Kevin Hart-Starring ‘Night School’ Scores Double Win at Redbox

Universal Pictures’ Night School scored a double win at Redbox in the first week of the new year.

The Kevin Hart-starring comedy, which earned $77.3 million in North American theaters, remained at No. 1 for the second consecutive week on the Redbox kiosk chart, which tracks DVD and Blu-ray Disc rentals at the company’s more than 40,000 red vending machines.

The film also knocked Sony Pictures’ Venom out of the No. 1 spot on the Redbox On Demand chart, which tracks transactional video-on-demand (TVOD), both electronic sellthrough (EST) and transactional streaming.

Venom, a superhero film based on the Marvel Comics character of the same name, was No. 2 on both charts.

Night School’s lingering popularity might be due in part to the controversy surrounding Hart, who in December was briefly tapped to host the 2019 Academy Awards.
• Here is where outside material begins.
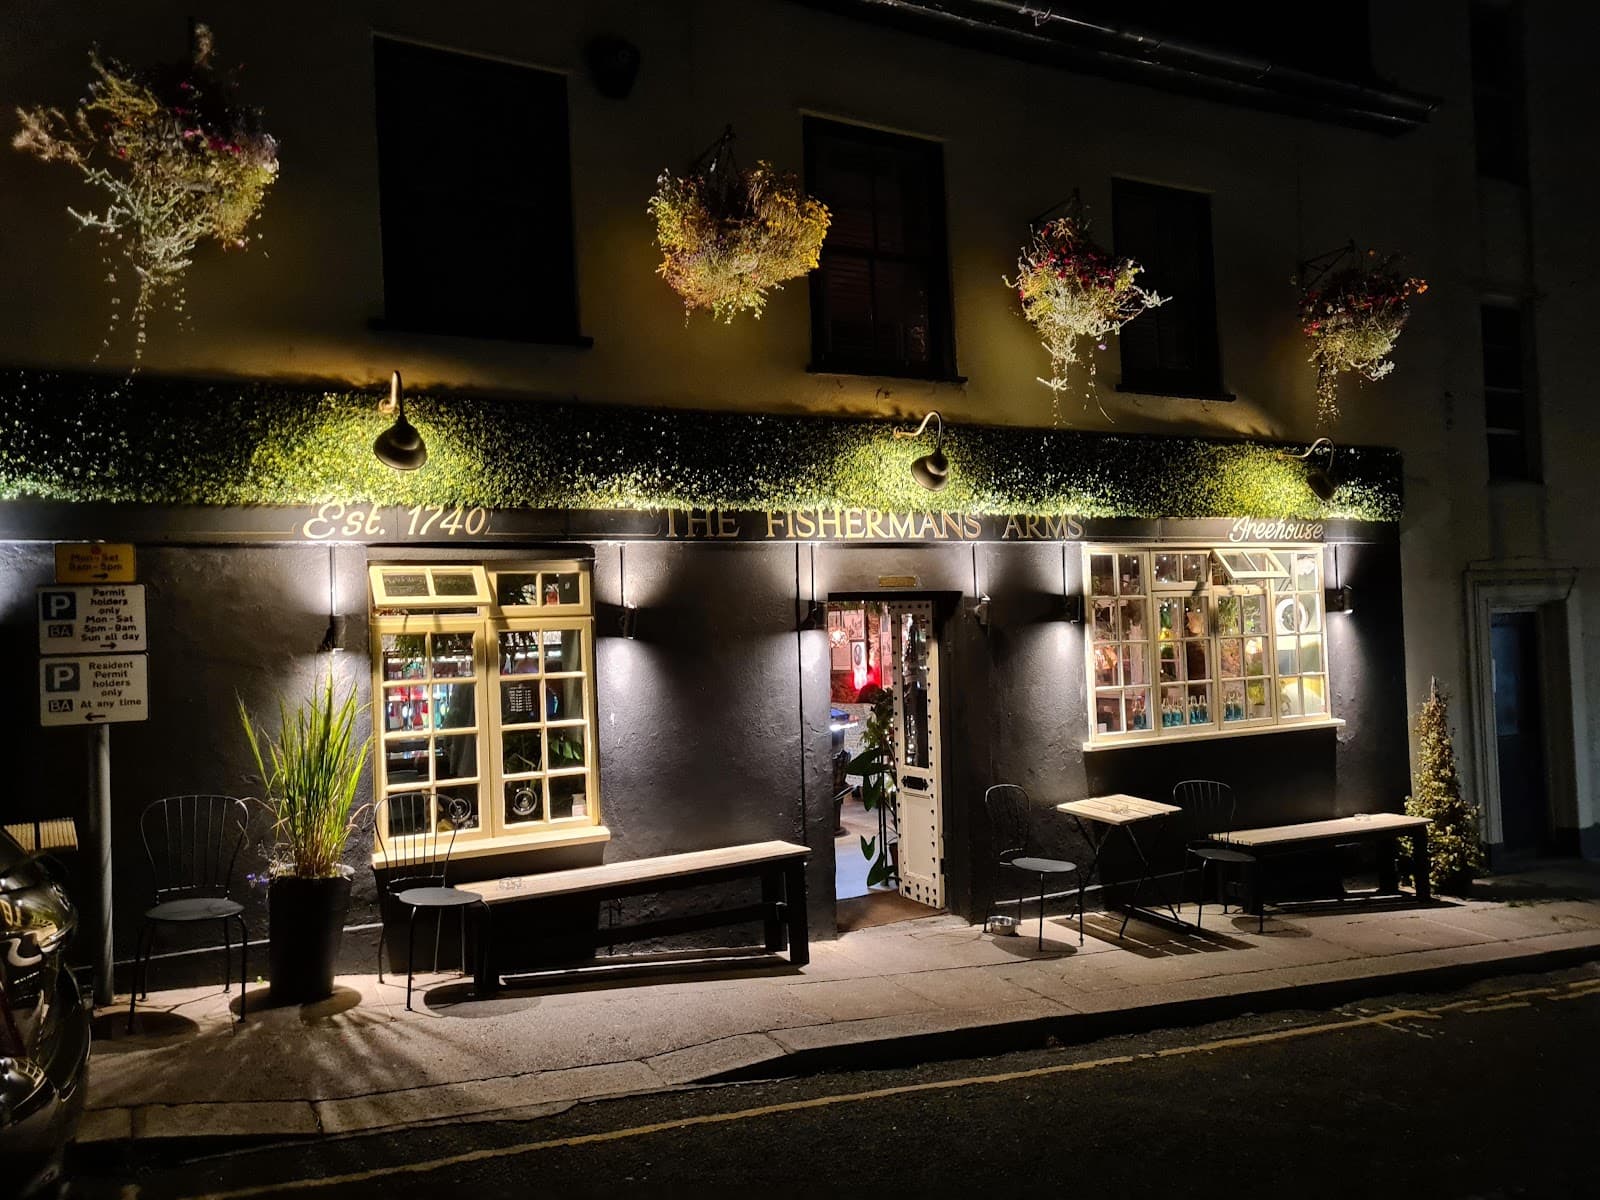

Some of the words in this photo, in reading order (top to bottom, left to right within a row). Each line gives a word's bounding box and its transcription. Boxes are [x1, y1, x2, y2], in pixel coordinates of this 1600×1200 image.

After being blasted for homophobic jokes and tweets he made more than eight years ago, the Academy asked him to apologize; he ultimately stepped down as host.

In Night School, Hart portrays a successful salesman who sees his life turned around after getting fired for accidentally destroying his workplace. Forced to attend night school so he can finally get his GED and find another job, he soon finds himself amongst a group of misfit students, a teacher with no patience for class clowns (Tiffany Haddish) and his high school nemesis-turned-principal (Taran Killam) who will strive to make sure he fails the course.

Universal Pictures’ The House With a Clock in its Walls, a family fantasy about a young boy who is sent to live with his uncle in a spooky old house, moved back up to No. 3 on both charts from No. 5 the prior week.

The Sony Pictures revenge thriller sequel Equalizer 2 remained at No. 4 on both charts for the second consecutive week.

Rounding out the top five on the Redbox disc-rental chart was The Predator, from 20th Century Fox, down two spots from its No. 3 debut the prior week.

The No. 5 spot on the Redbox digital chart went to Lionsgate’s A Simple Favor, also down from No. 3 the previous week.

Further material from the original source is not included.